I've had many opportunities now to purchase Tiguans with blown CCTA 2.0TSI engines. I was considering, if possible, putting a 3.6 VR6 into one.

I saw a picture of one but haven't been able to find any information on the process. I know I'd need engine, ECM, TCM, and VR6 trans, exhaust work, and possibly battery re-routing.

Anyone have any information and/or found any VR6 Tiggy swap/conversion threads?


----------



## Vegeta Gti (Feb 13, 2003)

It's illegal to do any older engine in a newer car fyi. So it's have to be a 3.2 or 3.6 from the Same year, do the 3.6!!!

Sent from my SM-G955U using Tapatalk


----------



## Vegeta Gti (Feb 13, 2003)

Ps.

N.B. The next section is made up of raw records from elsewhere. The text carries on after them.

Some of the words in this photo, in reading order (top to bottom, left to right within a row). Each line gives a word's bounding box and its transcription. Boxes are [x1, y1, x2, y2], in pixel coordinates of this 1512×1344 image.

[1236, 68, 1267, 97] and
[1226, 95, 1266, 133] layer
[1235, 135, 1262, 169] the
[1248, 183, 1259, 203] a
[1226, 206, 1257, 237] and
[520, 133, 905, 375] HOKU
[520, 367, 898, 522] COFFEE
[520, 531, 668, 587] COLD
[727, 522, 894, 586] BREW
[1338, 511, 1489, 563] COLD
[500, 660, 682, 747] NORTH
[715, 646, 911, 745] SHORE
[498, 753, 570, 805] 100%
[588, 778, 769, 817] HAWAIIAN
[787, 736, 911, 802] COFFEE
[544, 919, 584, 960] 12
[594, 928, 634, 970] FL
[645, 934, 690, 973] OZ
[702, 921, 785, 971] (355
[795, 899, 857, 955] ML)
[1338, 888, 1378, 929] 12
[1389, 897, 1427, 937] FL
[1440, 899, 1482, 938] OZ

I think you'd be the first

Sent from my SM-G955U using Tapatalk


----------



## V-dubbulyuh (Nov 13, 2005)

^ I've seen the Tiguan with the Vr swap that he's referring to, thread on Vortex.

http://forums.mwerks.com/showthread.php?7250194-R36-Tiguan-Click-here


----------



## Brad Boardwell (Dec 12, 2004)

Vegeta Gti said:


> It's illegal to do any older engine in a newer car fyi. So it's have to be a 3.2 or 3.6 from the Same year, do the 3.6!!!
> 
> Sent from my SM-G955U using Tapatalk


Uh, that's a big negative. Maybe in your state it is. But where I live in GA, you can put any engine into any vehicle. It makes no difference at all. (unless you live and register you vehicle in a few counties in metro Atl). And the Original poster lives in Canada, btw.


----------



## Vegeta Gti (Feb 13, 2003)

Brad Boardwell said:


> Uh, that's a big negative. Maybe in your state it is. But where I live in GA, you can put any engine into any vehicle. It makes no difference at all. (unless you live and register you vehicle in a few counties in metro Atl). And the Original poster lives in Canada, btw.

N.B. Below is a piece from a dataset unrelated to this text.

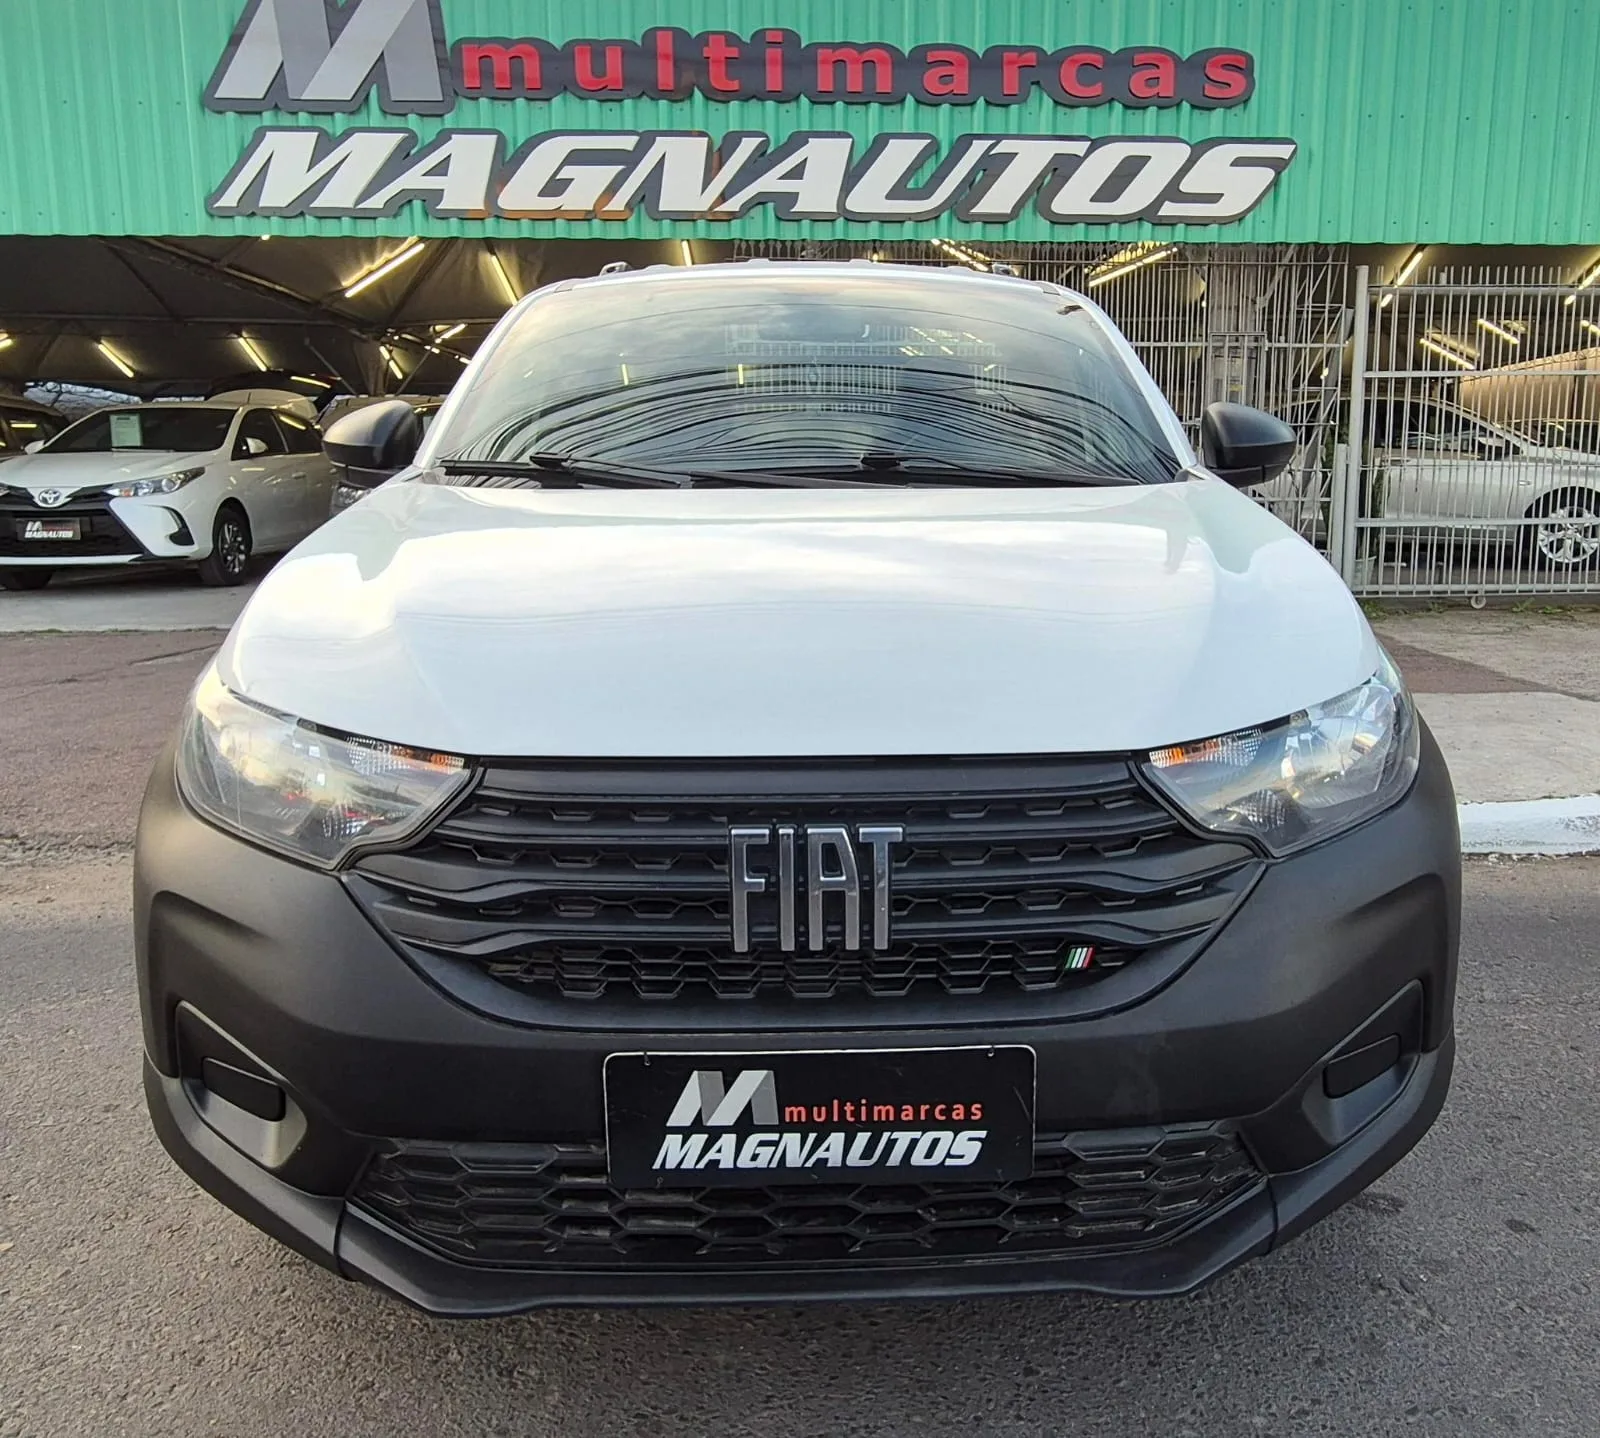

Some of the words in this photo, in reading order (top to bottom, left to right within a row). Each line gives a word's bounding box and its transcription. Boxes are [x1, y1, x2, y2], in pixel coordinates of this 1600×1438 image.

That's a federal emissions regulation sir. 

Sent from my SM-G955U using Tapatalk


----------



## Brad Boardwell (Dec 12, 2004)

Vegeta Gti said:


> That's a federal emissions regulation sir.
> 
> Sent from my SM-G955U using Tapatalk


Uh, we do not have vehicle emissions testing in about 98%of GA.... So tell me, how is it illegal and enforced, if all I need to do yearly is pay my $20 fee, and get my tag renewed? And there are a lot of places in a lot of states that this is the truth..


----------



## Vegeta Gti (Feb 13, 2003)

Brad Boardwell said:


> Uh, we do not have vehicle emissions testing in about 98%of GA.... So tell me, how is it illegal and enforced, if all I need to do yearly is pay my $20 fee, and get my tag renewed? And there are a lot of places in a lot of states that this is the truth..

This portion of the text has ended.